1974 Citroën D Special. (Chris Dubuque)

To be fair, actually, I am rich. Outsmarting the recalcitrant second-gear synchros of a 105-series Alfa’s five-speed transmission or pondering the threat to life and limb when a sticky Lotus Cortina caliper has suddenly presented at speed, makes me realize I am rich in spirit. A veritable Sultan of Brunei where spirit is concerned. But, cash? Never touch the stuff.

More rich in spirit than in cash with this 1965 Alfa Romeo Giulia Super Sedan. (Ben Sandler)

And like so many of today’s self-made richies, I’d like to share my secrets for success, but being too busy to write the book, The Sixteen Essential Habits of Old Car Whoredom, I offer here, for your edification, as many tips for buying old cars. Don’t bother sending me your thanks. Checks, wire transfers and other negotiable instruments will do nicely.

1. Buy what you like.

2. Don’t buy the best you can afford.
Buy the best there is, or skip it – you can’t afford a [insert car name here.] The best is cheaper in the long run.

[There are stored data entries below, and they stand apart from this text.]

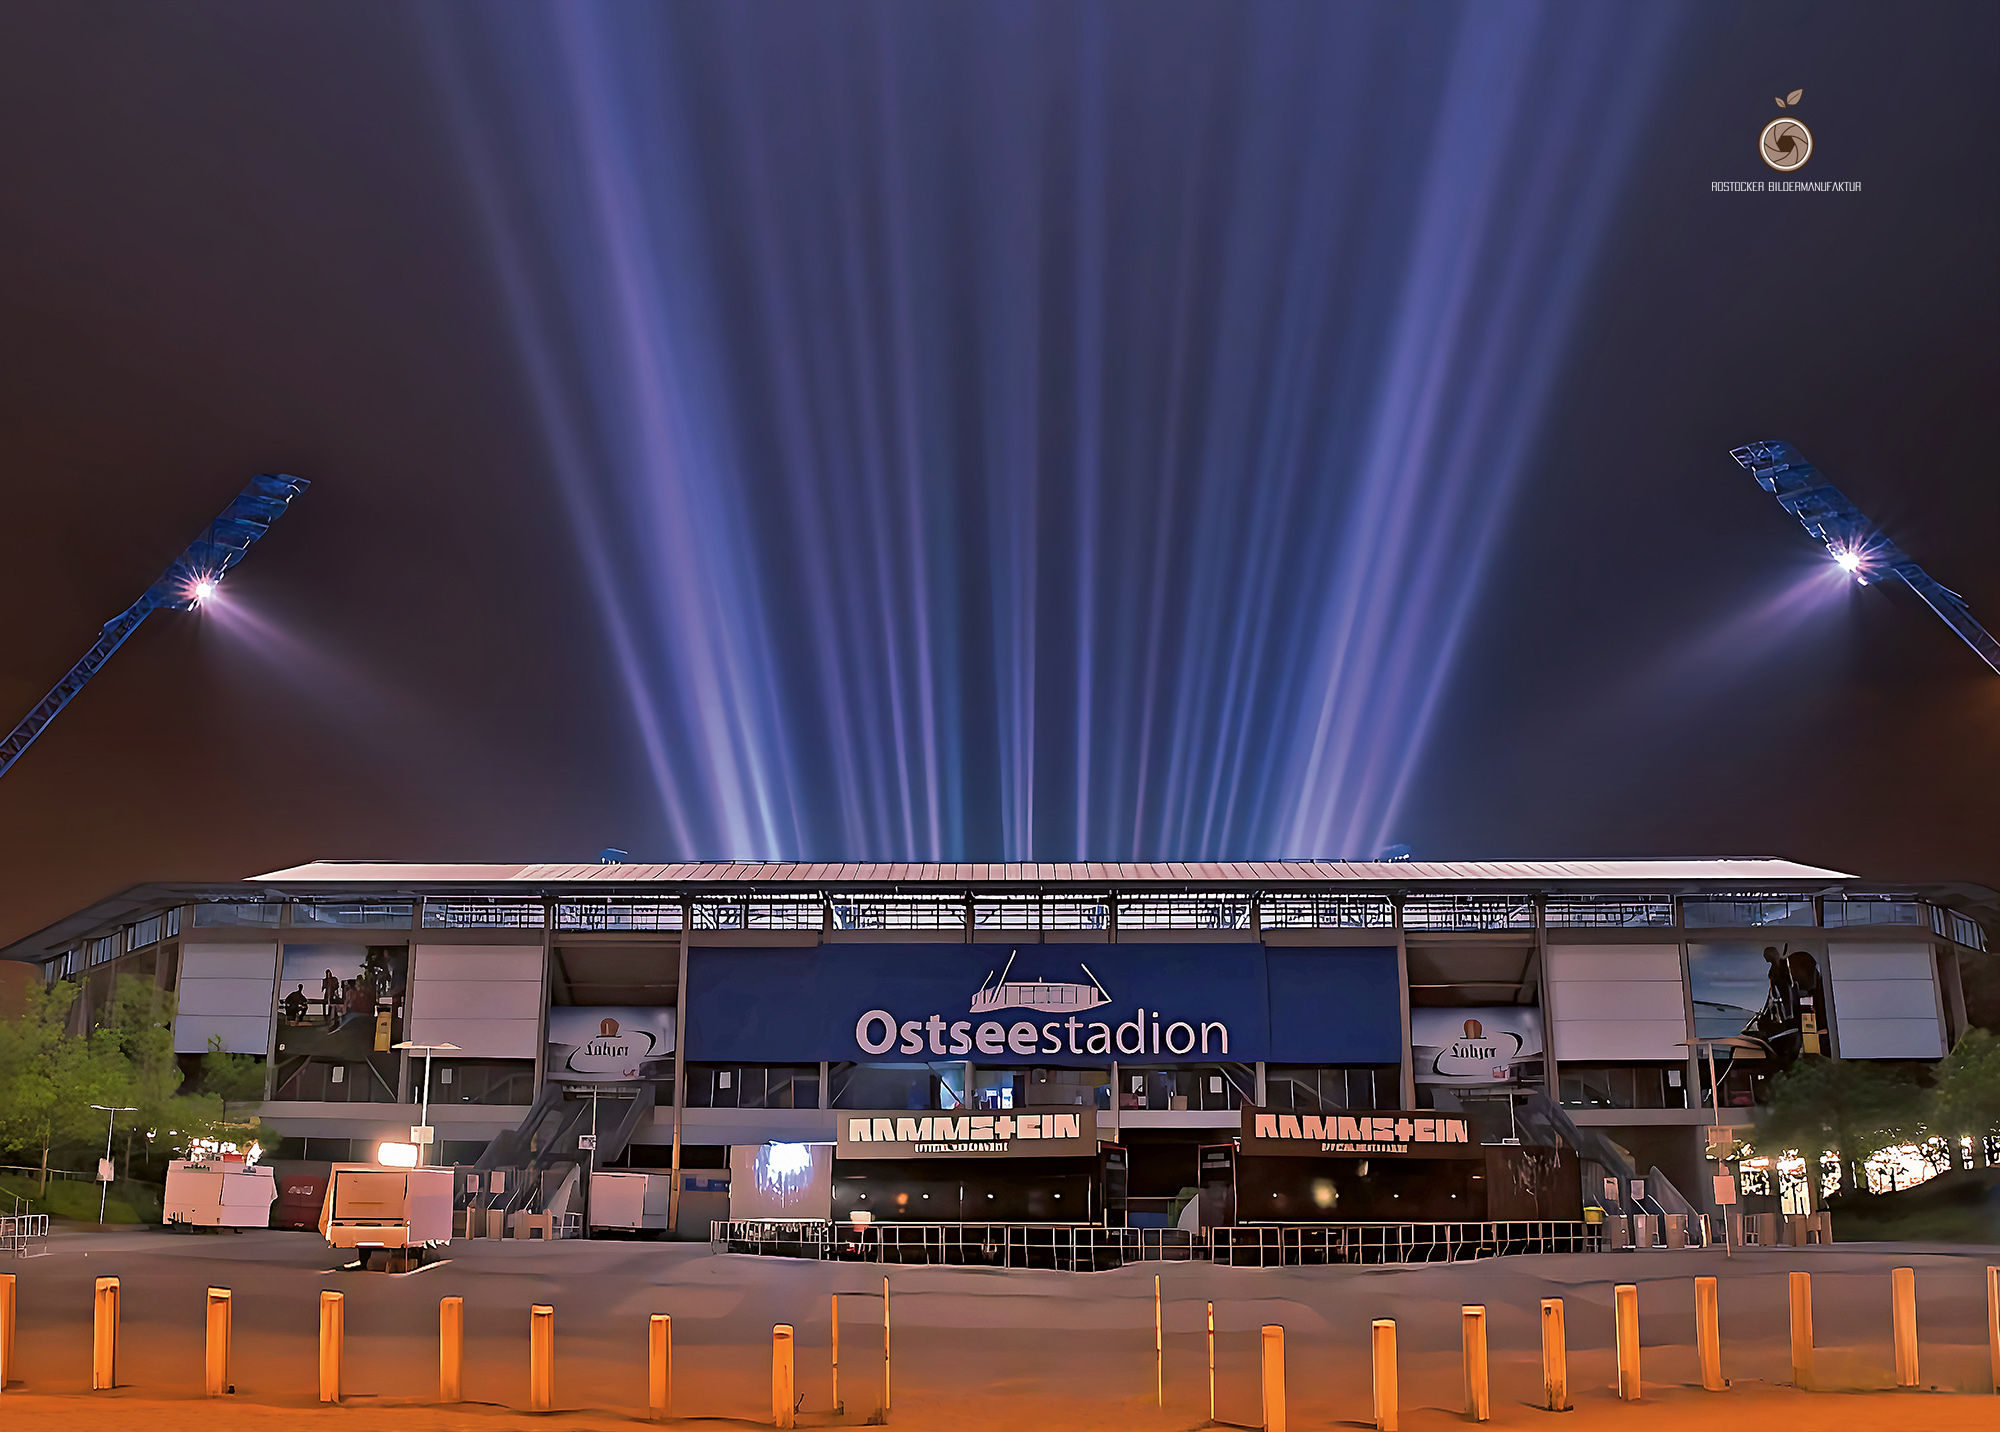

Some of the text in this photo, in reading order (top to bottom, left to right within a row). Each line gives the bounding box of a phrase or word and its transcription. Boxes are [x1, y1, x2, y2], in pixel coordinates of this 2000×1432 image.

[855, 1008, 1229, 1055] Ostseestadion
[849, 1114, 1080, 1142] RAMMSTEIN
[1255, 1114, 1469, 1143] RAMMSTEIN
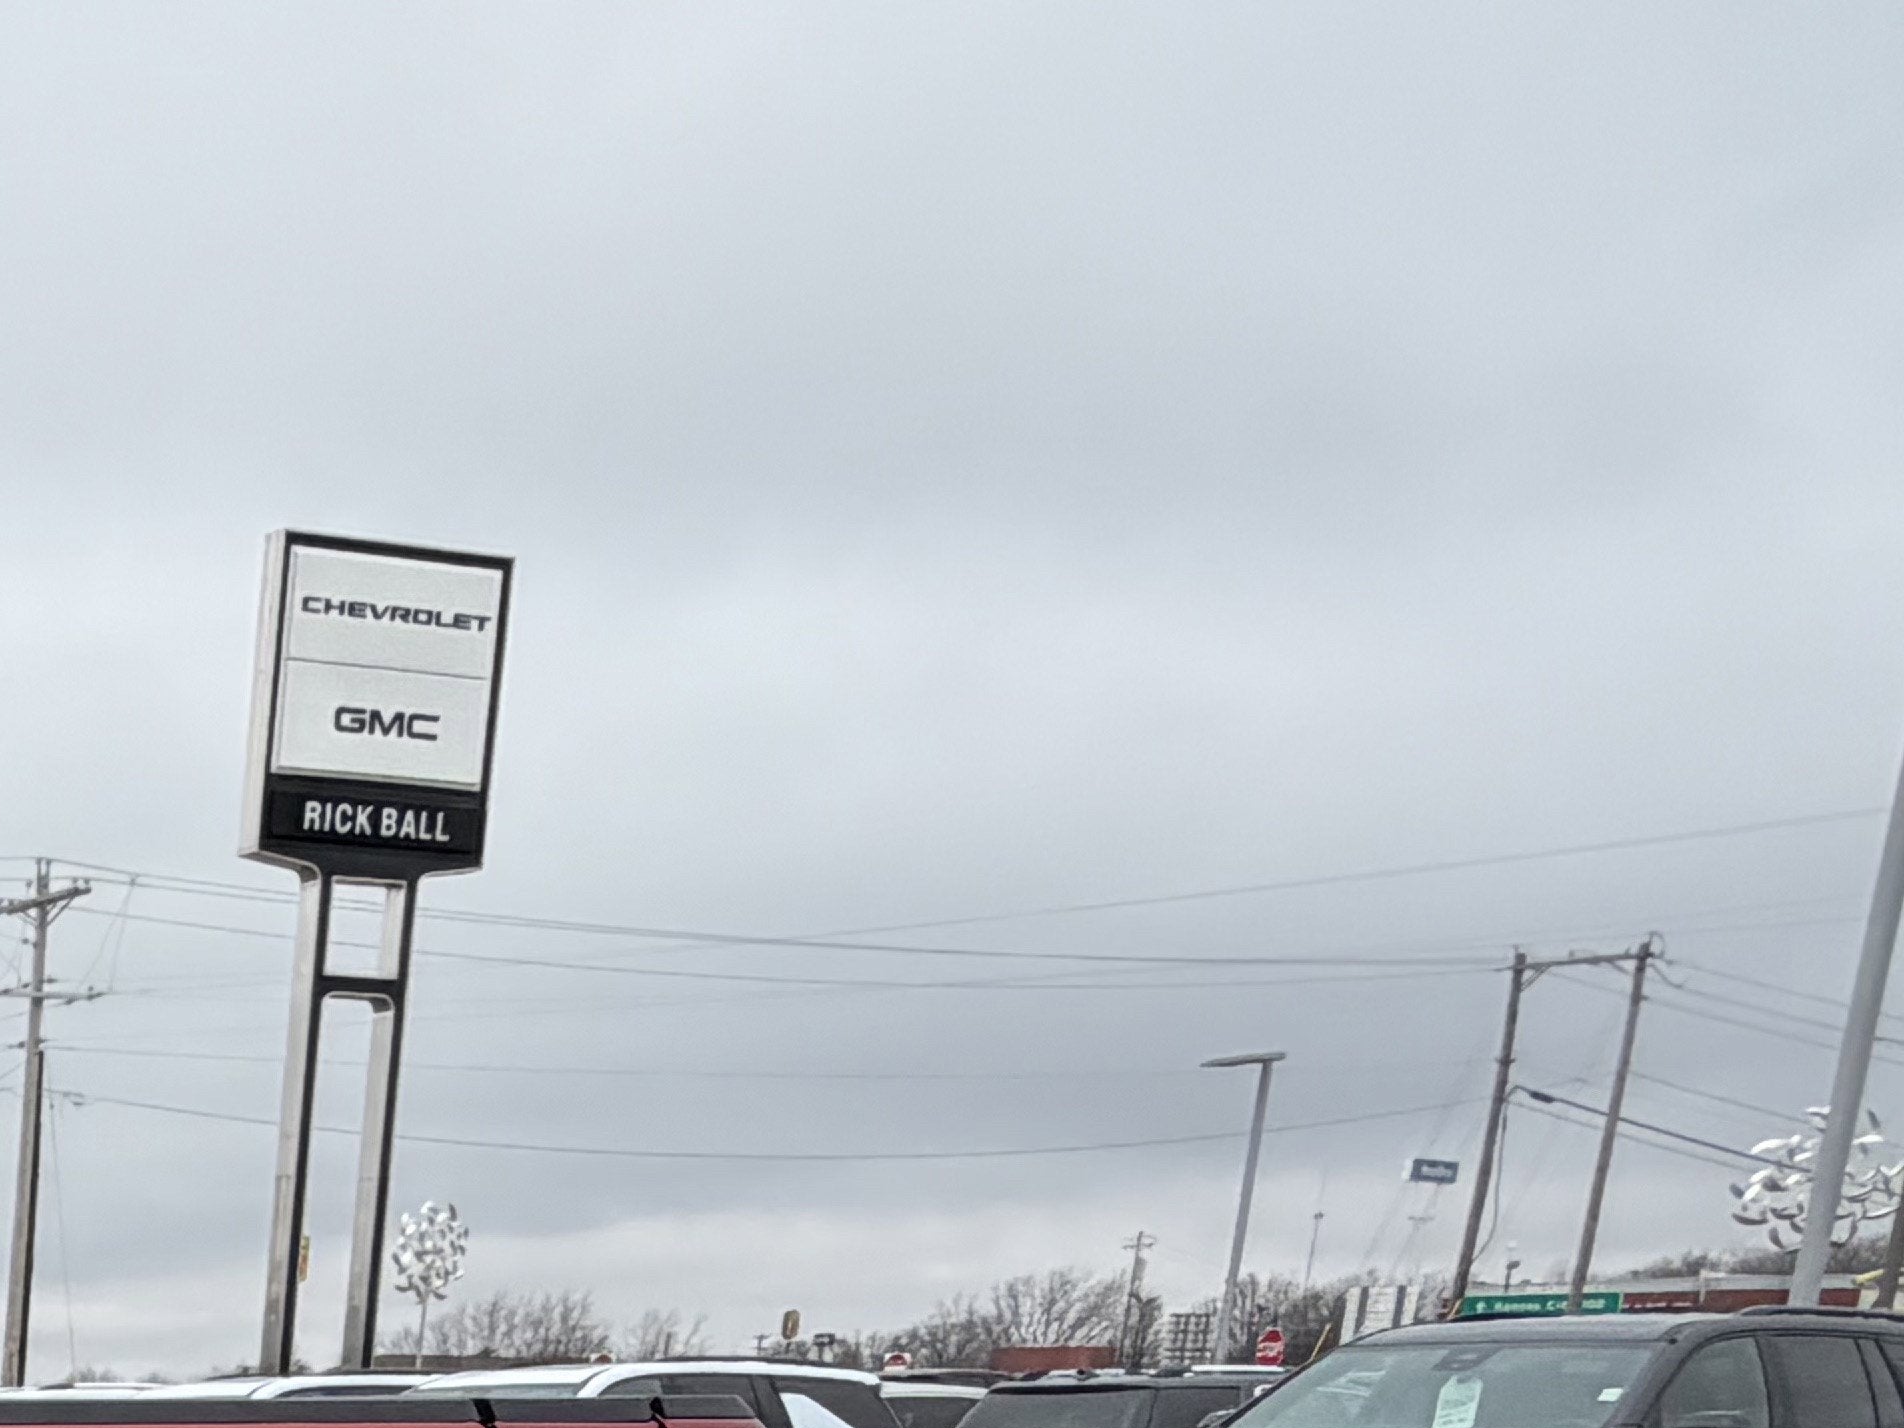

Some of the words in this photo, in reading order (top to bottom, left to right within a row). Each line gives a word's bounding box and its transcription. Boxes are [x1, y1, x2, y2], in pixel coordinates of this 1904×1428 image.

[301, 595, 492, 632] CHEVROLET
[333, 706, 441, 741] GMC
[303, 800, 374, 836] RICK
[380, 807, 450, 842] BALL
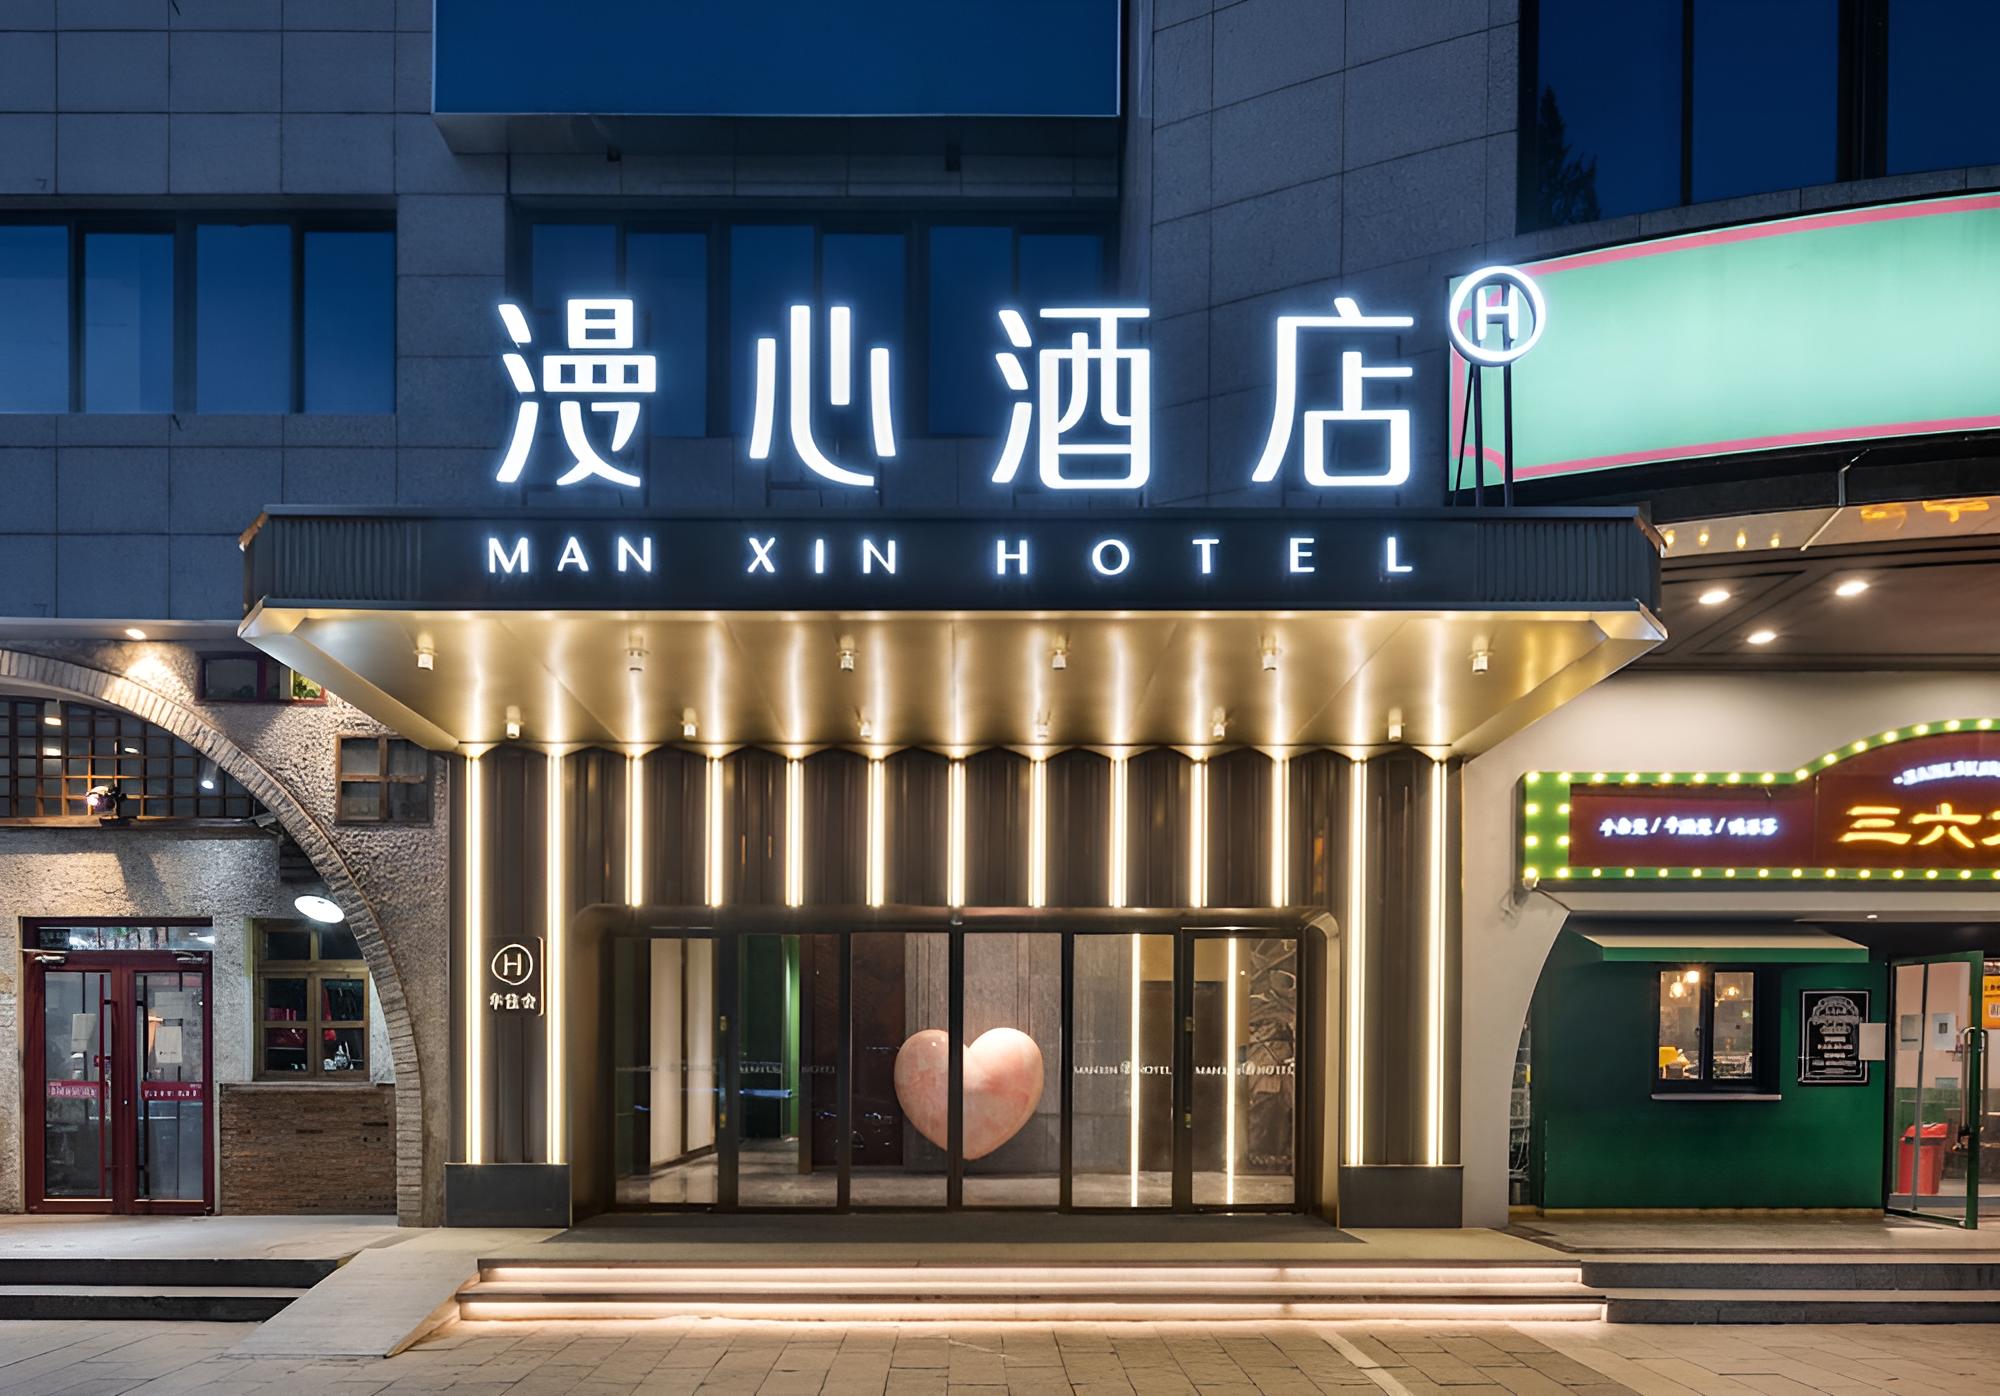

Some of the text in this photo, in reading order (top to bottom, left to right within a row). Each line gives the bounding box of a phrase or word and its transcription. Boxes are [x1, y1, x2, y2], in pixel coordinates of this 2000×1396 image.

[495, 297, 1415, 489] 漫心酒店
[488, 536, 1413, 576] MAN XIN HOTEL

3. Mechanical repairs are preferable to rust repairs.
No repairs are better still.

4. Don’t be afraid to walk away from a potential purchase.
The only one who thinks it’s a desperate tragedy when you fail to close a deal (besides the seller) is you. Something else will come along sooner than you think.

5. Buy original.
Location, location, location? Originality, originality, originality. When original paint, chrome and interior are in place, when the serial numbers all match, you can’t go wrong. However...

6. Not everybody and not everything can be a virgin.
There’s nothing wrong with people and machines that have experienced life’s rich pageant in all ways, short of crashing. But let someone else find out how expensive it is to restore your preferred model to a high standard. Profit from their mistakes, yet expect to spend more to smooth out the inevitable remaining rough edges. Someone else’s tragic, money-losing restoration is your lucky day.

7. Don’t be cheap.
Travel to find the car of your dreams. Hire an appraiser familiar with the make to assess condition. Spend a little, save a lot. Pay to have it shipped, it’ll be worth it. The cost of purchasing from rust-free climes afar will be a fraction of your potential exposure if you buy wrong and rusty locally.

8. Don’t expect to make money on old cars.
Prepare to lose a lot and be pleasantly surprised when you lose only a little.

9. Cut your losses.
If you realize you’re in over your head with a particular machine, stop the madness without delay. Sell right away, then, next time, buy smarter. There is no shame in admitting defeat when the war is unwinnable.

10. Don’t be cheap, part 2.
Never delay repairs. An object at rest tends to stay at rest. With each passing month another inactivity-related problem may rear its costly and time-consuming head -- dead battery becomes flat tire, becomes leaky rear brake cylinder, becomes full brake job, becomes frozen clutch, becomes leaking rear main seal, and so on and on.

11. Take professional advice, before and after purchase.
Whenever there’s a job to be done, do it right, with original or high-quality replacement parts.

12. Don’t lie to yourself or others in the sale or purchase of automobiles.
Instant kharma is going to get you.

13. Drive your car.
You bought it, you drive it. Spend more time polishing than driving and you’ve got a problem.

14. Join a club and read their mags or, better yet, cruise the Internet.
You’ll find the parts and knowledge you want without having to get upclose and personal with the pocket-protected wing nuts who are the keepers of such things.

15. Standing water, weather, bird and tree droppings kill cars.
Keep it indoors or, if not possible, under cover on a hard, dry surface.

16. Make sure all safety equipment is working properly.
Use and, if necessary, install seatbelts. You may save someone’s life. Which, like at least thirty other things in my life, is clearly more important than saving money.